In June, Ukrainian President Volodymyr Zelenskyy's administration announced plans to create a council on freedom of speech that would include one representative from each editorial office of the national mass media.

"We need a platform to protect the freedom of speech and rights of journalists. But it must really work," Tomilenko said.

He said his support for Zelenskyy's initiative was moderate. Former President Petro Poroshenko had such a council as well, but it had only been used for formal paperwork and had last been convened in February 2018, Tomilenko added.

"I believe that the freedom of speech council will be effective, but only if it is public and includes members at such levels as: deputy attorney general, deputy foreign minister, presidential representative and the journalists themselves.

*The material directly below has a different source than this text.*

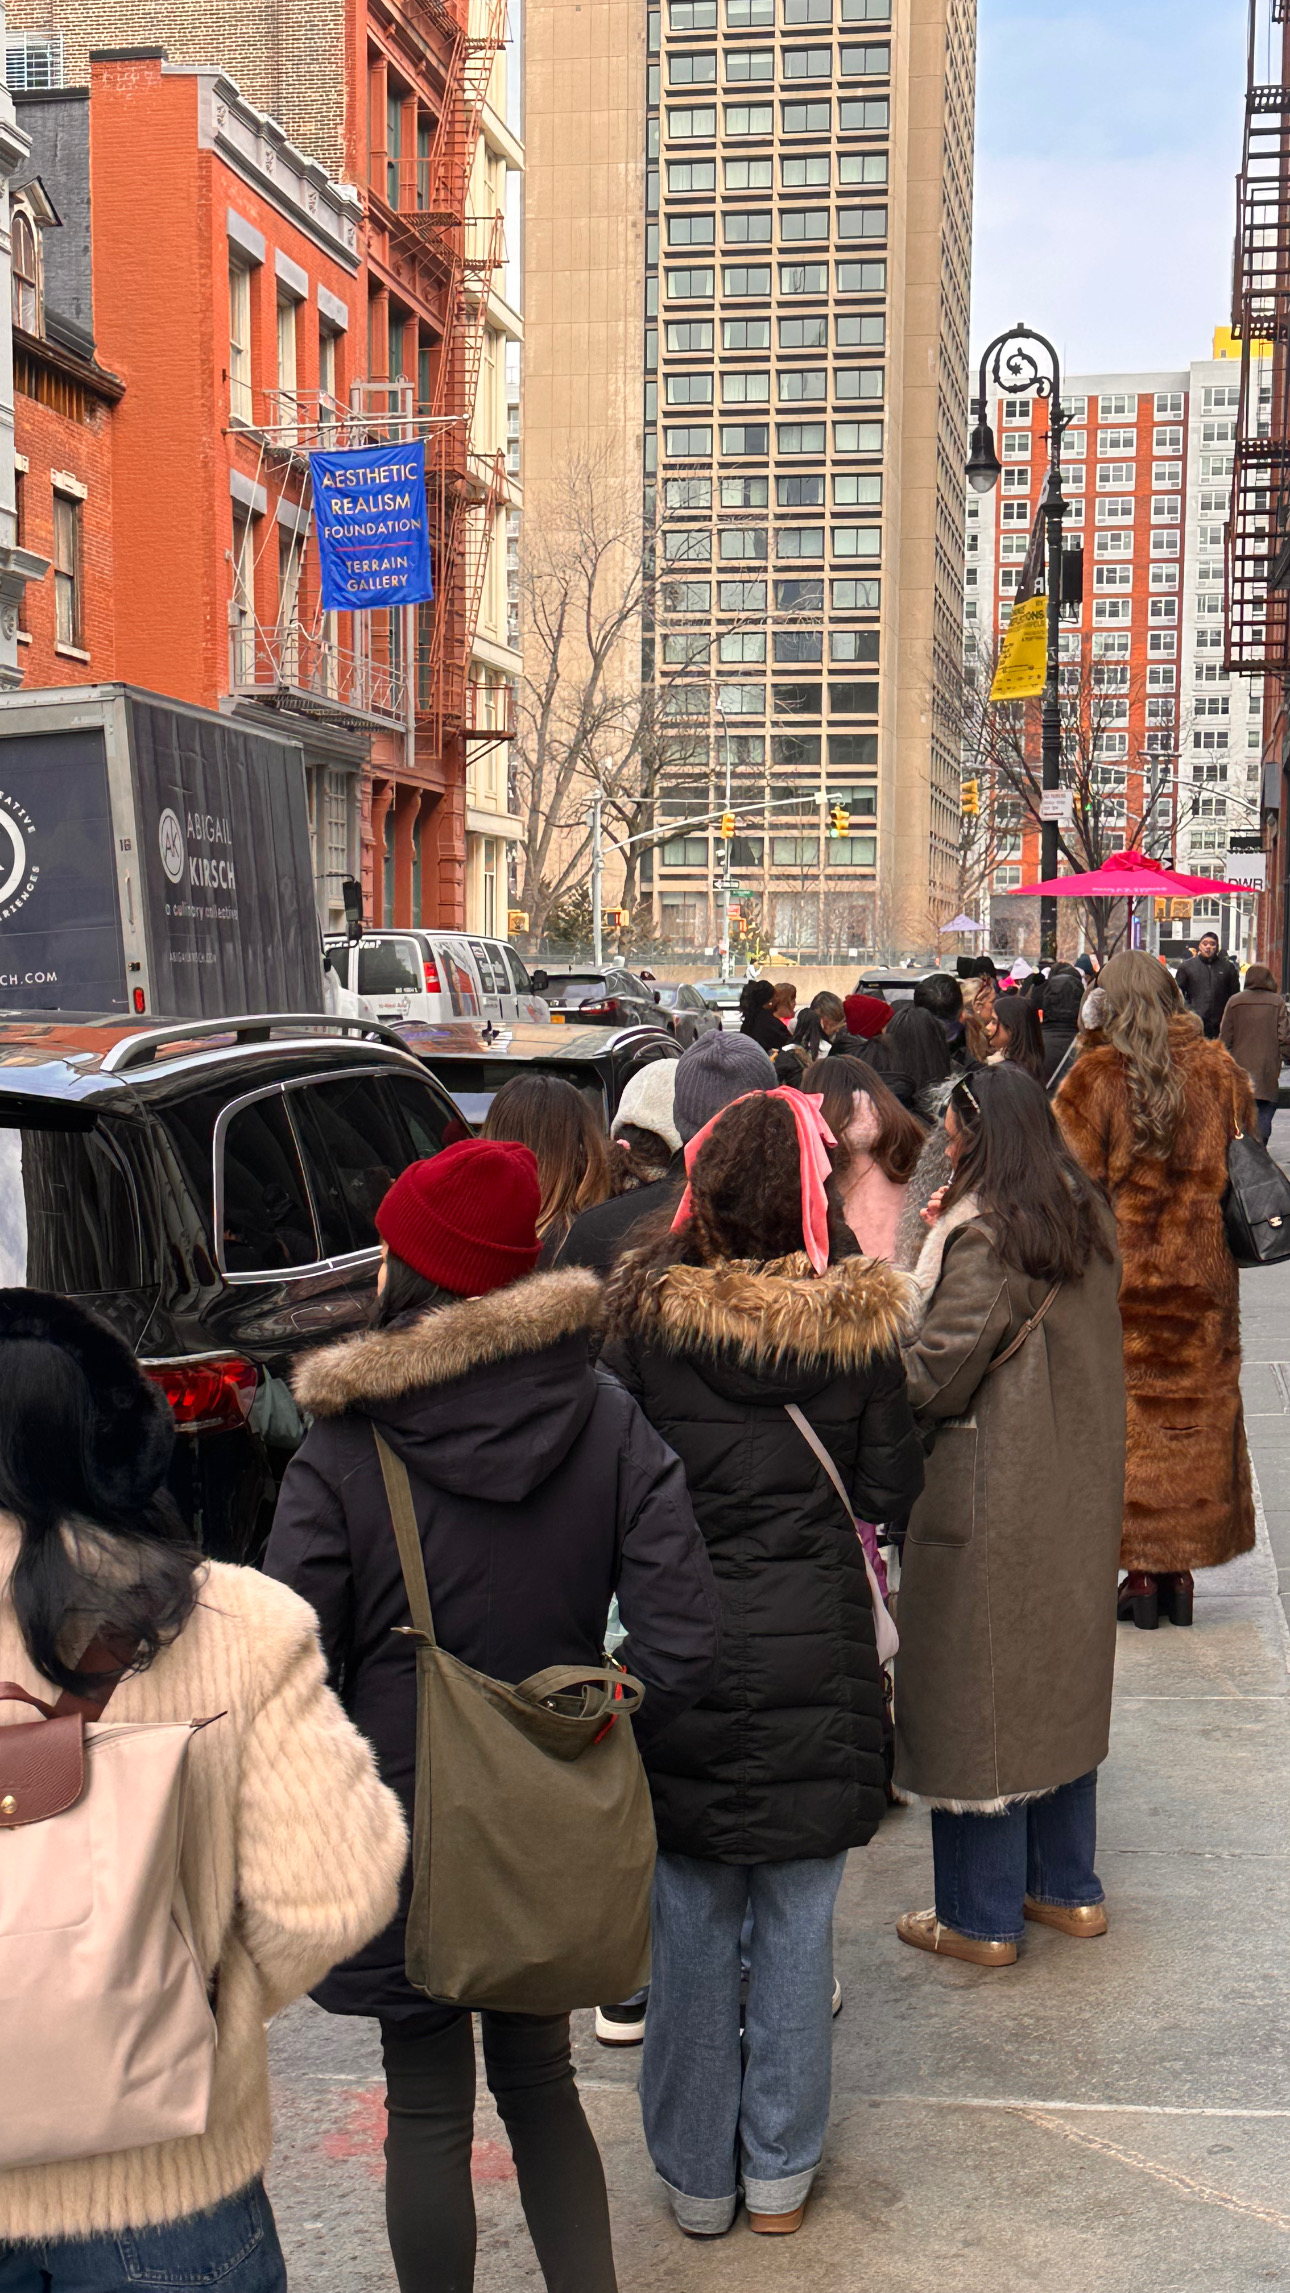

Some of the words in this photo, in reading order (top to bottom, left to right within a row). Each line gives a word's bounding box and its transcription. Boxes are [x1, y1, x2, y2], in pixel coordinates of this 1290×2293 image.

The council should have regular meetings and be endorsed by the president," the journalist said.

He added that he had submitted an application to join the council but not heard back yet.

The toll of attacks on journalists in Ukraine is notorious, as confirmed by numerous international organizations and human rights groups. At least 12 journalists have been killed on the job since 1992, according to the Committee to Protect Journalists. Among them are Ukrainian journalist and writer Oles Buzina, reporter Pavel Sheremet, Rossiya Segodnya International Information Agency photojournalist Andrei Stenin, Rossiya tv channel's Igor Kornelyuk and Anton Voloshin, and Channel One cameraman Anatoly Klyan.

Many journalists have been accused of treason over their support for Luhansk and Donetsk, two eastern Ukrainian regions which proclaimed independence after what they considered to be a coup in Kiev in 2014. Such cases include Igor Guzhva, Vasily Muravitsky and RIA Novosti Ukraine portal head Kirill Vyshinsky, who has been in Ukrainian custody since last May.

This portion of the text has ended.